Furthermore, the energy-saving set temperature is corrected using the difference between the energy-saving set temperature and the current set temperature. It is possible to select either correction based on the relationship of environmental values. Further, by combining the difference between the energy-saving set temperature and the current set temperature, and the relationship between the environmental value when the operation of the air conditioner 20 is controlled using the energy-saving set temperature and the current environmental value, Correct the energy saving set temperature. According to such a configuration, the difference between the new set temperature (energy-saving set temperature) and the current set temperature, and the environmental value estimated to change due to the change in the set temperature of the air conditioner 20 and the current environmental value It is possible to avoid that the user feels uncomfortable due to either or both of the deviation from.
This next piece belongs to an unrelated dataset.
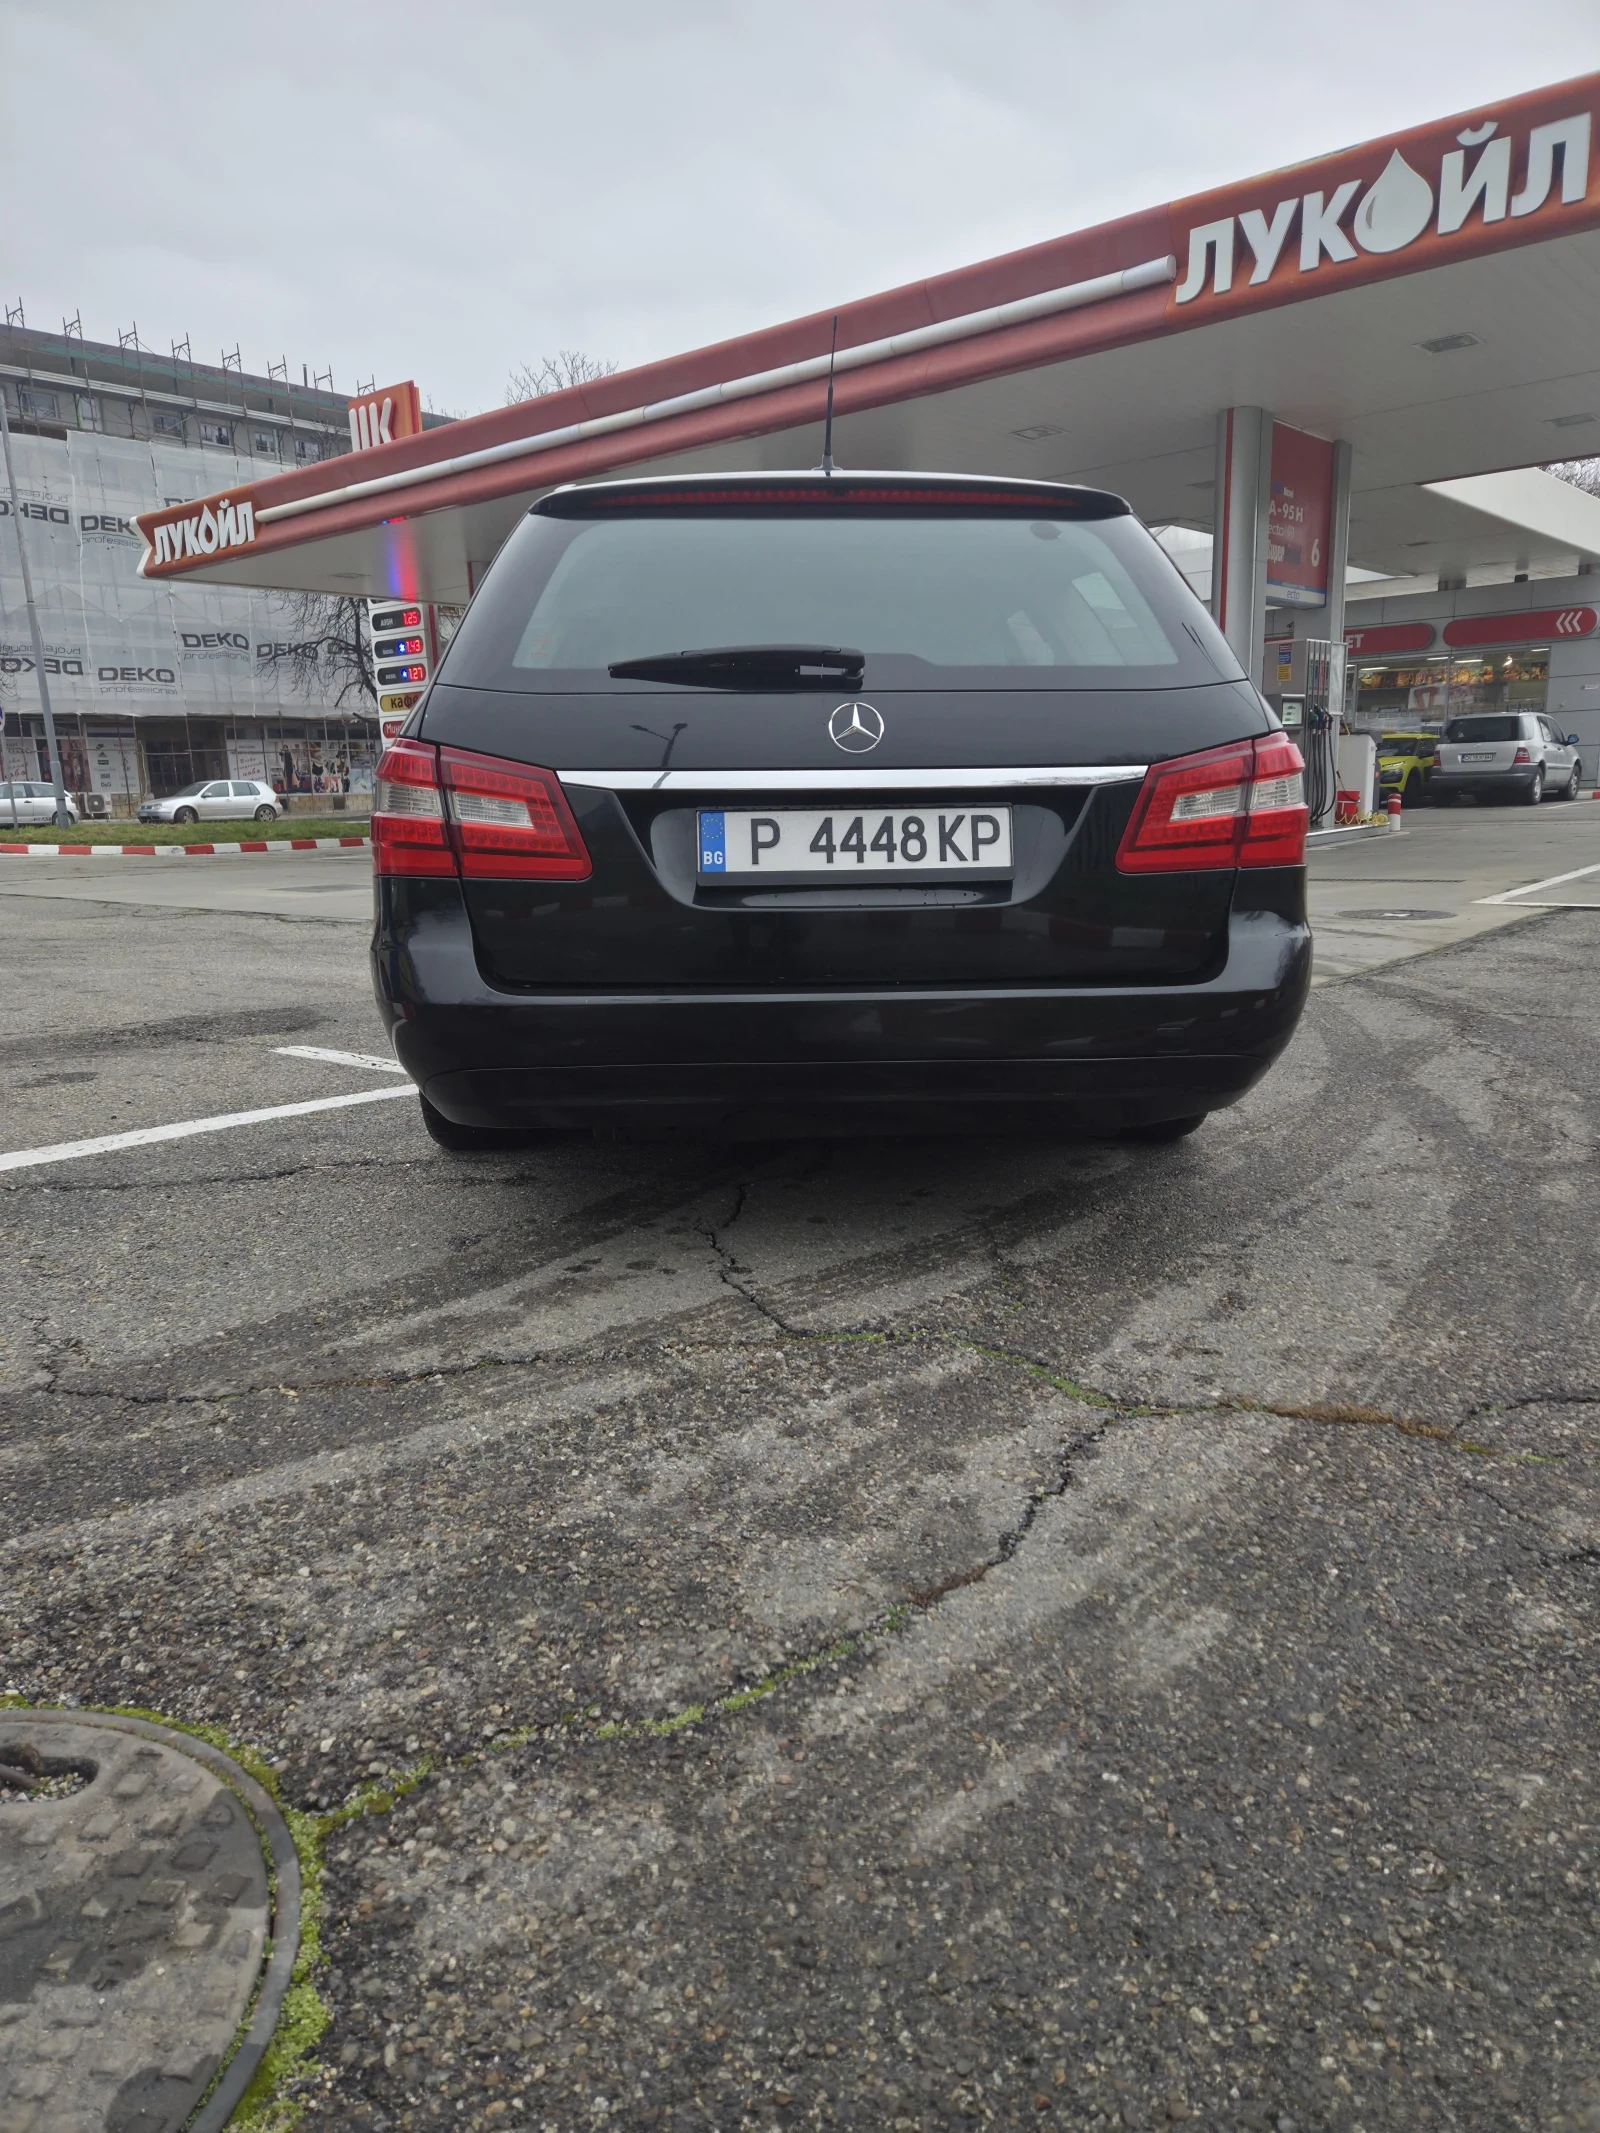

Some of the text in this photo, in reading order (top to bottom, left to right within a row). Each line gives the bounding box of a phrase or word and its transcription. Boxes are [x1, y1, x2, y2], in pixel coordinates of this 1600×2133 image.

Further, according to the present embodiment, in the search execution period (predetermined first period) in which the search for the allowable range is performed, the energy-saving setting temperature outside the allowable range (for example, the optimum temperature -Td) is determined. be done. On the other hand, in the search non-execution period (predetermined second period) in which no search for the allowable range is performed, an energy-saving set temperature (for example, optimum temperature) within the allowable range is determined. In the present embodiment, by repeating such a search execution period and a search non-execution period, it is possible to control the operation of the air conditioner 20 at a set temperature that searches for an allowable range during the search execution period. During the search non-execution period, the operation of the air conditioner 20 can be controlled at the optimum set temperature (optimal temperature) based on the searched allowable range.

In addition, in the present embodiment, for example, the allowable range is calculated during the search execution period, but the timing of calculating the allowable range may be another timing. Specifically, the allowable range may be calculated during the search non-execution period, or may be calculated during both the search execution period and the search non-execution period.

Also, the permissible range may be calculated at the timing when the search execution period and the search non-execution period are switched.

Here, it is assumed that the search execution period and the search non-execution period are alternately arranged in this embodiment, and the allowable range is calculated at the timing of switching from the search non-execution period to the search execution period, for example. As described above, the operation of the air conditioner 20 is controlled based on the optimum temperature during the search non-execution period. It is highly likely that it will be changed by the user. Since such changes in the set temperature by the user are accumulated as control value history information, the control value Allowable range (optimum temperature) can be modified based on historical information.

On the other hand, for example, a case is assumed in which the permissible range is calculated at the timing of switching from the search execution period to the search non-execution period. As described above, during the search execution period (processing), the set temperature (that is, the allowable range) that the user can allow is searched for. By calculating, it is possible to calculate an allowable range including the searched set temperature (that is, to widen the allowable range), thereby further improving the energy saving effect.

As described above, the allowable range can be calculated at various timings, but the allowable range may be calculated at predetermined timings, for example, and may be calculated at timings other than those described here. .

It should be noted that the allowable range described above can be calculated based on the feature amount calculated based on the duration of the set temperature of the air conditioner 20, which is related to the duration.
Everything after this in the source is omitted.